Besides dyspareunia, endometriosis symptoms include:
Dysmenorrhea (painful periods), constipation, painful urination, and chronic pelvic pain.1 Sadly, the diagnosis of endometriosis is often overlooked; some patients go many years before properly being diagnosed. Often, the pain experienced during sex has further negative consequences on a woman’s psychological health. Loneliness, depression, social isolation, and deterioration of intimate relationships are often observed.1 In a study by Ferrero et. al., women with dyspareunia from endometriosis reported less satisfying orgasm and felt less fulfilled after sex than other groups.1 Over time, women experience a fear of pain during sex, and this fear manifests itself in a decreased sexual desire, decreased lubrication of vaginal tissues, and painful spasms of the pelvic floor muscles.3
Just like the exact cause of dyspareunia is multi-factorial, so is the treatment
Medication therapy, surgical excision, and pelvic floor therapy are typical treatments. Pelvic floor therapy performed by specialty-trained women’s health therapists, involves a tailored approach to help reduce dyspareunia. Treatment options include patient education, manual techniques for reducing inflammation, dry needling, core strengthening, stretching of hip and back muscles, and education on use of medical devices such as vaginal dilators.3 In addition, a multidisciplinary approach with a woman’s GP, gynecologist, and sexual health counselor helps improve treatment outcomes.
There is help available
If you feel like your sexual health is affected by endometriosis, there is help available. It is estimated that only one third of women with dyspareunia due to endometriosis actually talk to their doctors about the issues they are having.1 So the first step is to reach out to your medical provider and discuss your symptoms. That provider could be your general practitioner, gynecologist, psychiatrist, or your physical therapist. The next steps would be individualized based upon your symptoms and goals. Please don’t suffer any longer. Remember, love doesn’t have to hurt.

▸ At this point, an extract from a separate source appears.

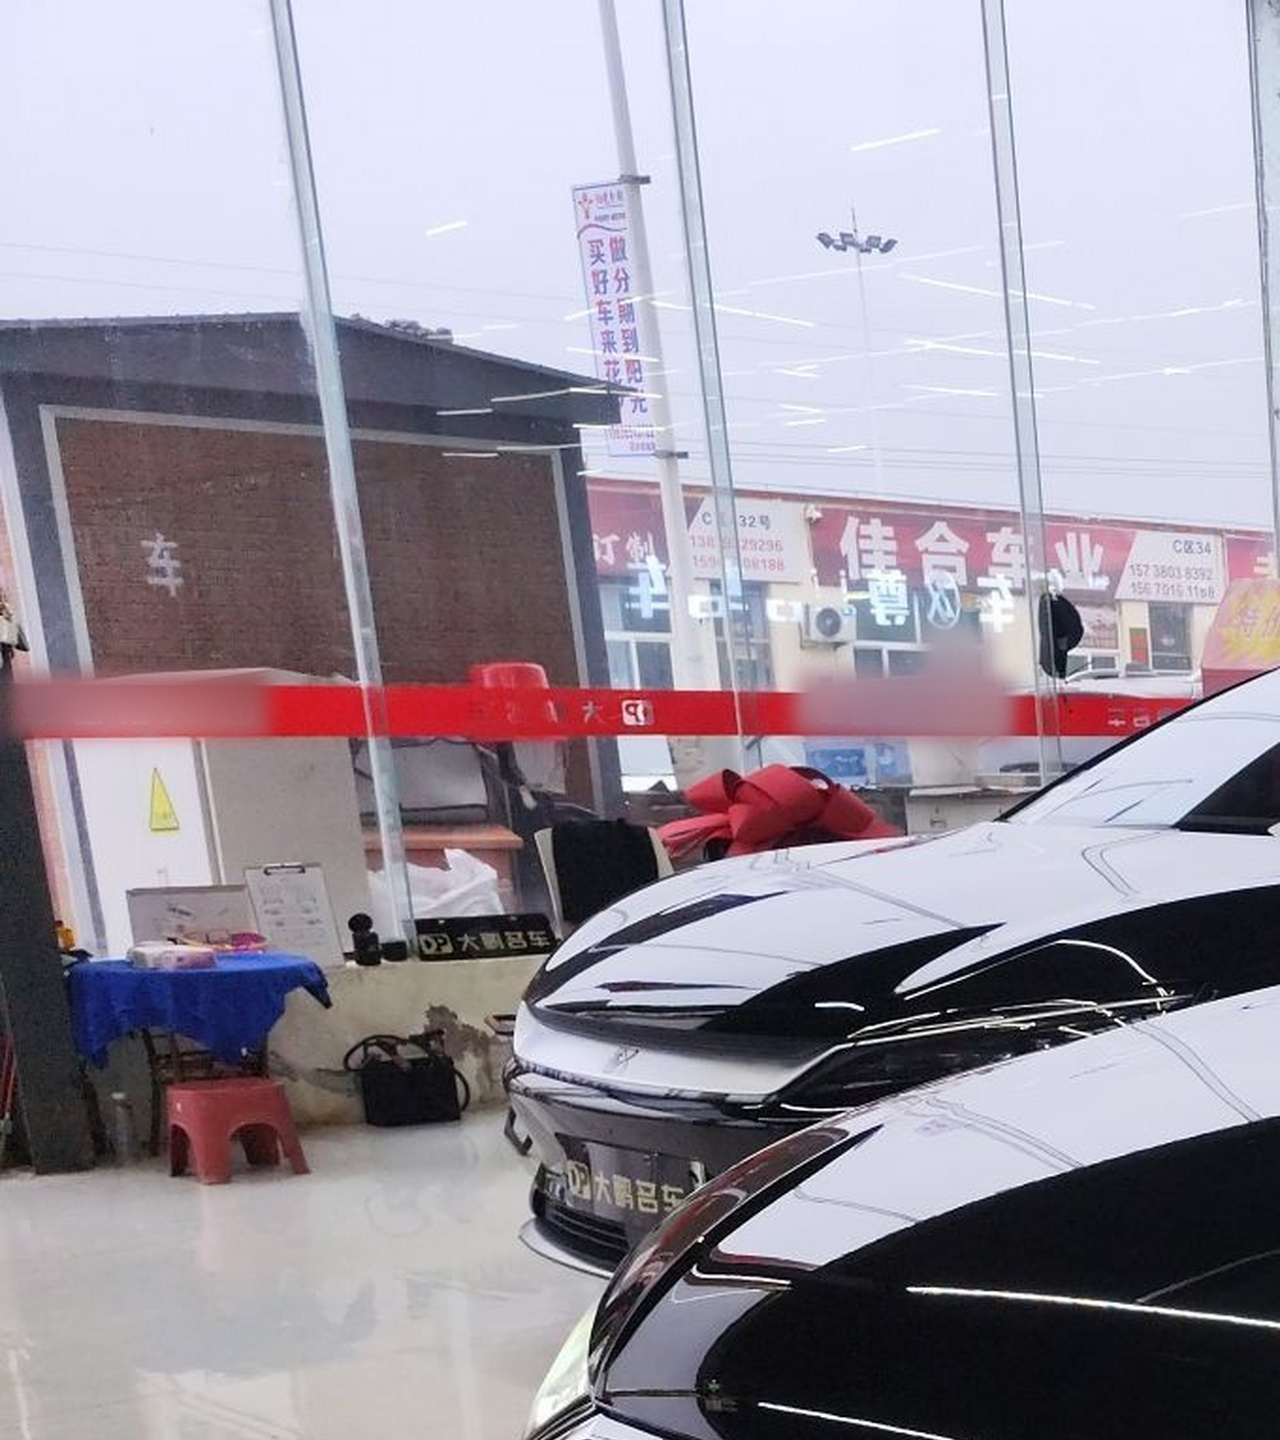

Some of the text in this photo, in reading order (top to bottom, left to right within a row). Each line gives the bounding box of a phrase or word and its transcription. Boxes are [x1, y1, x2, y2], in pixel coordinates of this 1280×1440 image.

[587, 239, 622, 407] 买好车来花
[840, 516, 1104, 590] 佳合车业

- Corte LD, Filippo C, Gabrielli O, et. al. The Burden of Endometriosis on Women’s Lifespan: A Narrative Overview on Quality of Life and Psychosocial Wellbeing. International Journal of Environmental Research and Public Health. 2020;6.
- Mabrouk M, Del Forno S, Spezzano A, et. al. Painful Love: Superficial Dyspareunia and Three Dimensional Transperineal Ultrasound Evaluation of Pelvic Floor Muscle in Women with Endometriosis. Journal of Sex and Marital Therapy. 2019;46:2: 187-196.
- Lukic A, Properzio M, De Carlo S, et. al. Quality of sex life in endometriosis patients with deep dyspareunia before and after laparoscopic treatment. Archives if Gynecology & Obstetrics. 2016;293:583-590.